What is an NFT? (with GPT-3’s Help)
Over the last few months you probably have heard of NFTs being sold for millions of dollars. But what actually is an NFT ?
NFT stands for “non-fungible tokens”, which are tokens that take the form of unique digital assets.
An NFT enables us to create digital certificates that represent a unique asset which can be anything from a photo, a video, a GIF, or if properly implemented we can have NFTs for Real Estate too.
What is so unique about NFTs?
NFTs are decentralized, incorruptible, and don’t require any trusted third parties to operate. You can therefore guarantee that your coins are yours alone, no one can take them away from you. This is what makes NFTs so attractive. You can transfer them to other people without having to worry about their identity, for example when you’re selling or giving away your NFTs. You can also claim your NFTs by submitting proof of your ownership, for example by proving that you are the creator of an NFT or that you are the holder of an NFT that has been transferred to you.
NFTs give you the ownership of the work (Though the creators can retain ownership rights and can claim resale royalties directly on the token itself)
They are un-hackable, decentralized, and incorruptible, thus making them the perfect vehicle for the transfer of ownership.
NFTs provide a method to trace the true ownership of digital assets which enables artists and buyers to engage in the exchange of such assets, just as they would with physical ones.
Their embedded metadata and transaction history are open and verifiable by anyone in the world with the Internet which means anyone will be able to know what digital wallets own what tokens at any given point in time.
NFTs also manifest their origin. Each NFT contains within it a record of ownership of a digital asset and only one original can be traced back to the original creator.
It’s the very idea of scarcity and abundance (oxymoronic isn’t it ?) of the NFTs that makes NFT art so appealing to collectors.
Advantages of NFTs:
- NFTs are the perfect medium for the exchange of ownership. Because NFTs are incorruptible, you don’t have to worry about hackers stealing your NFTs.
- There is no requirement for third parties to operate NFTs. NFTs are not controlled by any central authority, since they are decentralized.
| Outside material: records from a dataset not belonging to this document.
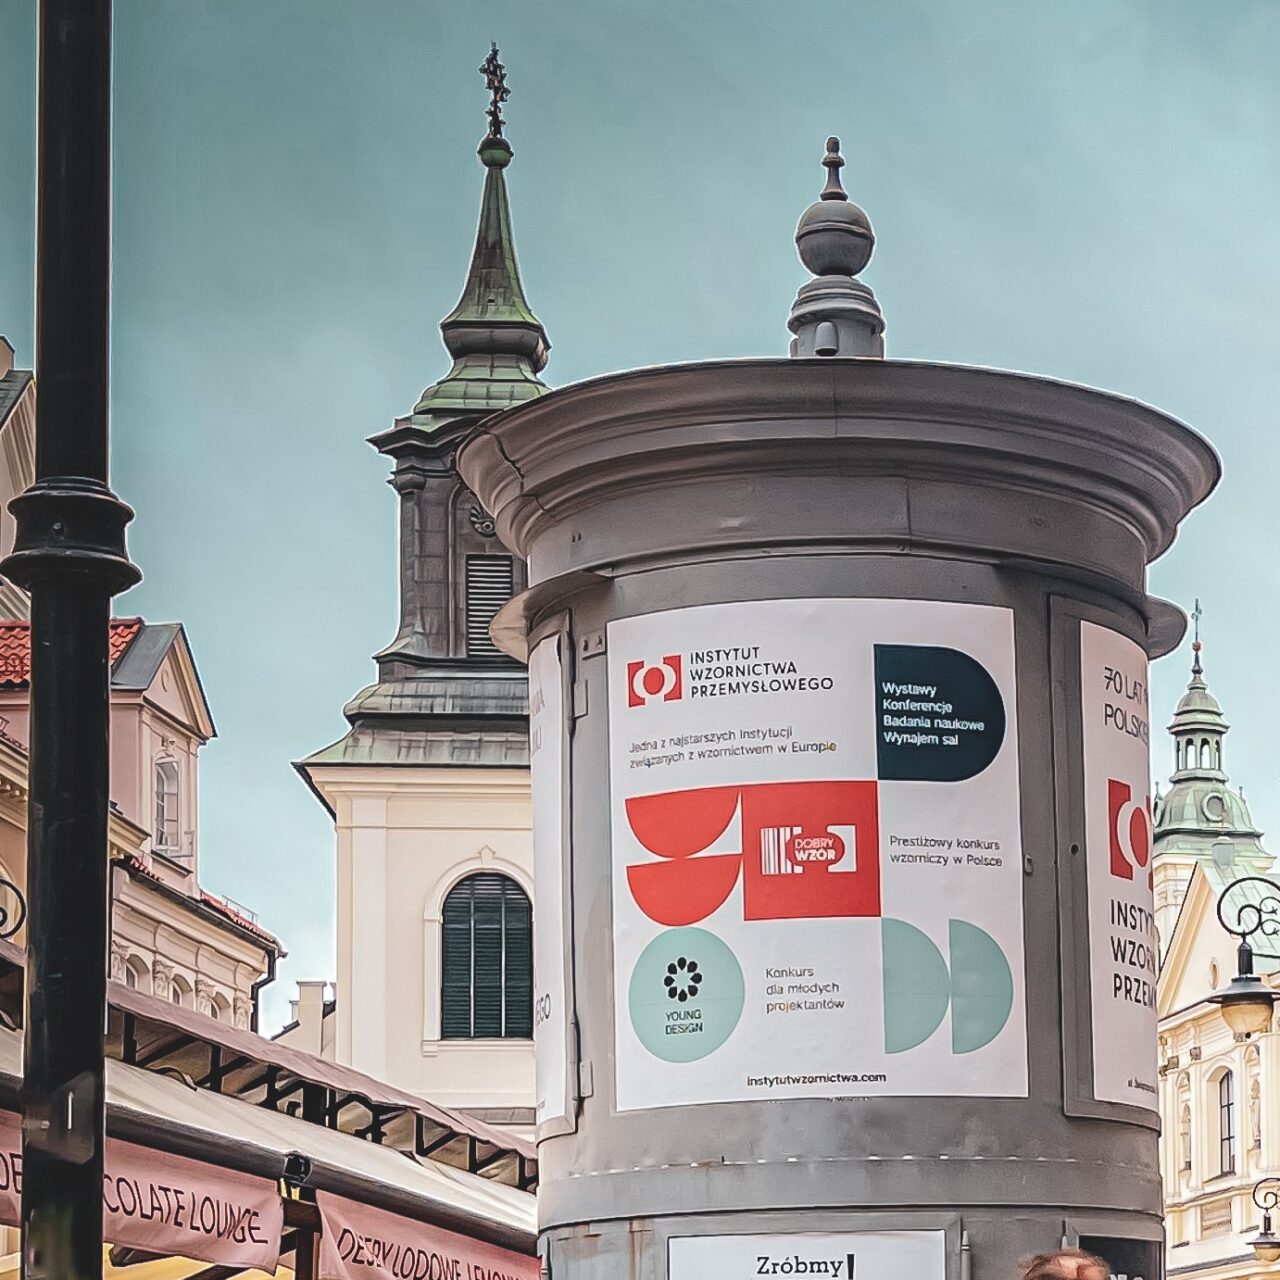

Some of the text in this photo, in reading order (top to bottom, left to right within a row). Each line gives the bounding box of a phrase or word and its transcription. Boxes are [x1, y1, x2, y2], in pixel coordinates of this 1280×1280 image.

[690, 647, 760, 665] INSTYTUT
[690, 661, 797, 681] WZORNICTWA
[691, 677, 834, 698] PRZEMYSŁOWEGO
[1104, 666, 1123, 695] 70
[882, 682, 937, 698] Wystawy
[883, 715, 985, 731] Badania naukowe
[660, 738, 666, 749] z
[669, 730, 736, 751] najstarszych
[883, 731, 959, 747] Wynajem sal
[688, 750, 695, 761] z
[697, 745, 775, 760] wzornictwem
[777, 743, 788, 753] w
[791, 741, 837, 754] Europie
[794, 837, 834, 850] DOBRY
[956, 837, 1001, 851] konkurs
[890, 853, 1003, 867] wzorniczy w Polsce
[765, 966, 815, 979] Konkurs
[766, 982, 840, 996] dla młodych
[766, 999, 845, 1014] projektantów
[665, 1008, 702, 1022] YOUNG
[665, 1022, 703, 1035] DESIGN
[747, 1072, 887, 1088] instytutwzornictwa.com
[103, 1174, 269, 1244] COLATE LOUNGE
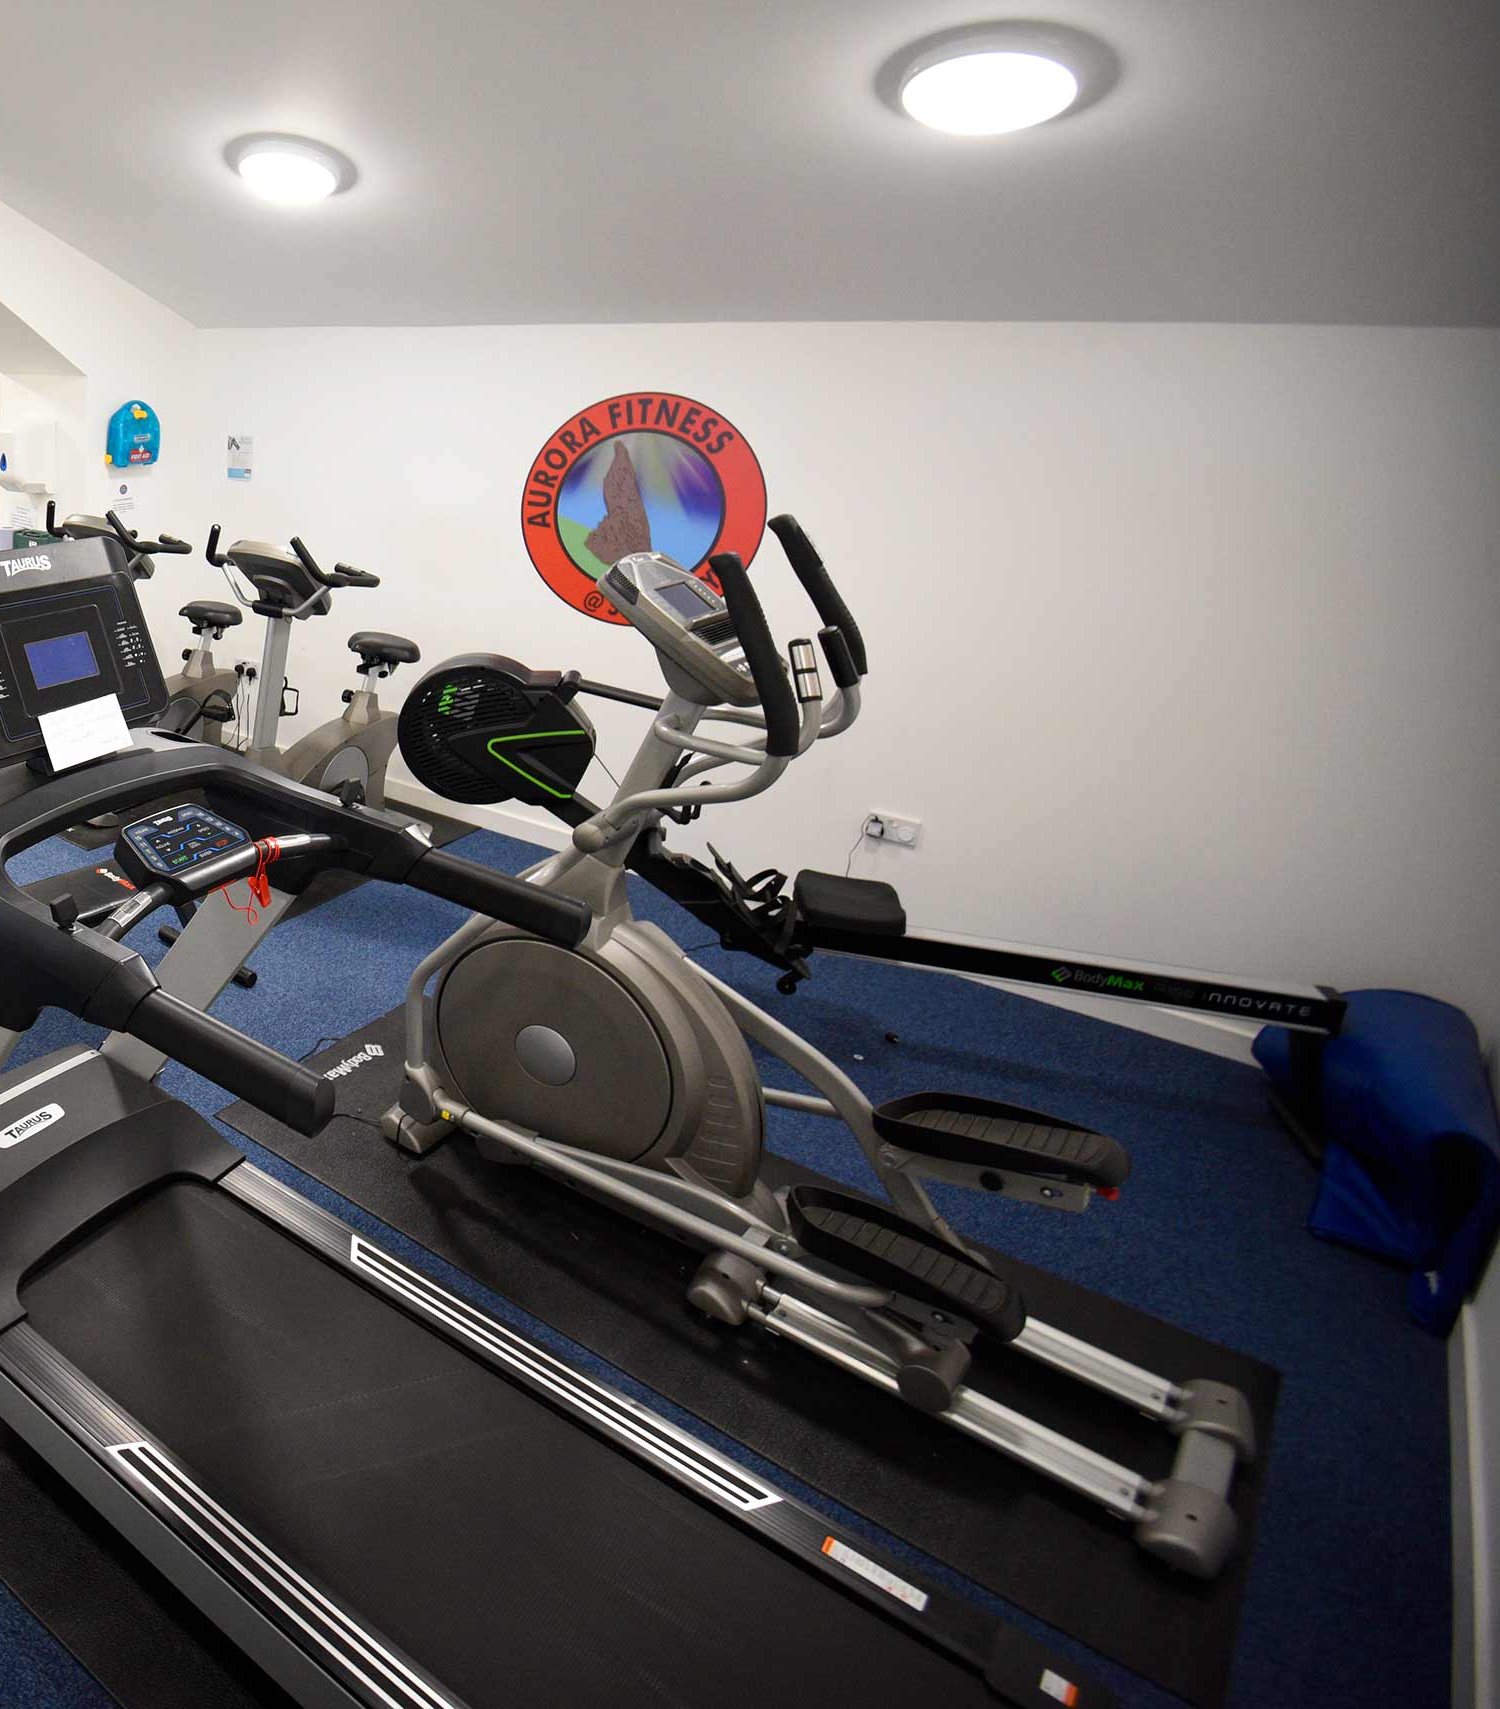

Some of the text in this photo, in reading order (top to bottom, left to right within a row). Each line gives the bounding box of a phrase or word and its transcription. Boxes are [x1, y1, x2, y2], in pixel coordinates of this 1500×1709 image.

[528, 398, 735, 529] AURORA FITNESS
[0, 554, 52, 577] TAURUS
[1074, 970, 1145, 991] BodyMax
[4, 1111, 53, 1139] TAURUS
- The security of the blockchain makes digital assets more secure,
- The authenticity of the blockchain makes digital assets more reliable, and
- The interactivity of the blockchain makes digital assets more practical.
How to Collect NFTs
The easiest way to claim your NFTs is to use the Metamask browser extension. You can do this in any browser by visiting this website. Alternatively, to claim your NFTs you can use MEW. You can also claim your NFTs by running a node on the Ethereum network.
How do you store and use NFTs?
You can store them in a wallet, for example, a hardware wallet, a mobile wallet, a desktop wallet.
How secure are NFTs?
NFTs are decentralized and therefore, they are not controlled by any central authority. This makes them secure. Because NFTs are decentralized, there is no risk of the central authority stealing the NFTs from you.
Furthermore, because NFTs are decentralized, you don’t have to trust any third party to operate them. This means that you can transfer your NFTs to anyone without having to worry about their identity. Another important factor that makes NFTs secure is that the Ethereum blockchain is open source, meaning that there is no way of stealing data from Ethereum or any other blockchain.
Does the Blockchain actually store the digital asset?
The blockchain doesn’t store the actual image, it stores essentially a cryptographic derivative or a hash of the image so anyone analyzing the blockchain would see two tokens that seemingly have absolutely no relation to each other, assuming any small detail has been changed, but one represents ownership in a copy of the other.
However, it mostly depends on the implementation.
The ERC721 (the essential set of rules for NFTs) standard allows any type of metadata. This metadata could be the file itself. The token would then be directly tied to the actual data.
With a system like this, you can restrict functions, like, read data, to those with certain permissions. In the case of art, it would be those that own the NFT that gives them access to this asset.
Some other potential applications of NFTs:
(this is from a discussion I had with my friends)
One actual use of NFT’s might be to NFT the landing/take-off slots at busy airports because airlines trade those already but it would probably modernize that niche area of asset exchange and make it easier to keep track of who has what.
Blockchain for private property rights both on earth and in space
Blockchain the land registries there is no asset on earth where blockchain is a more appropriate ledger than land.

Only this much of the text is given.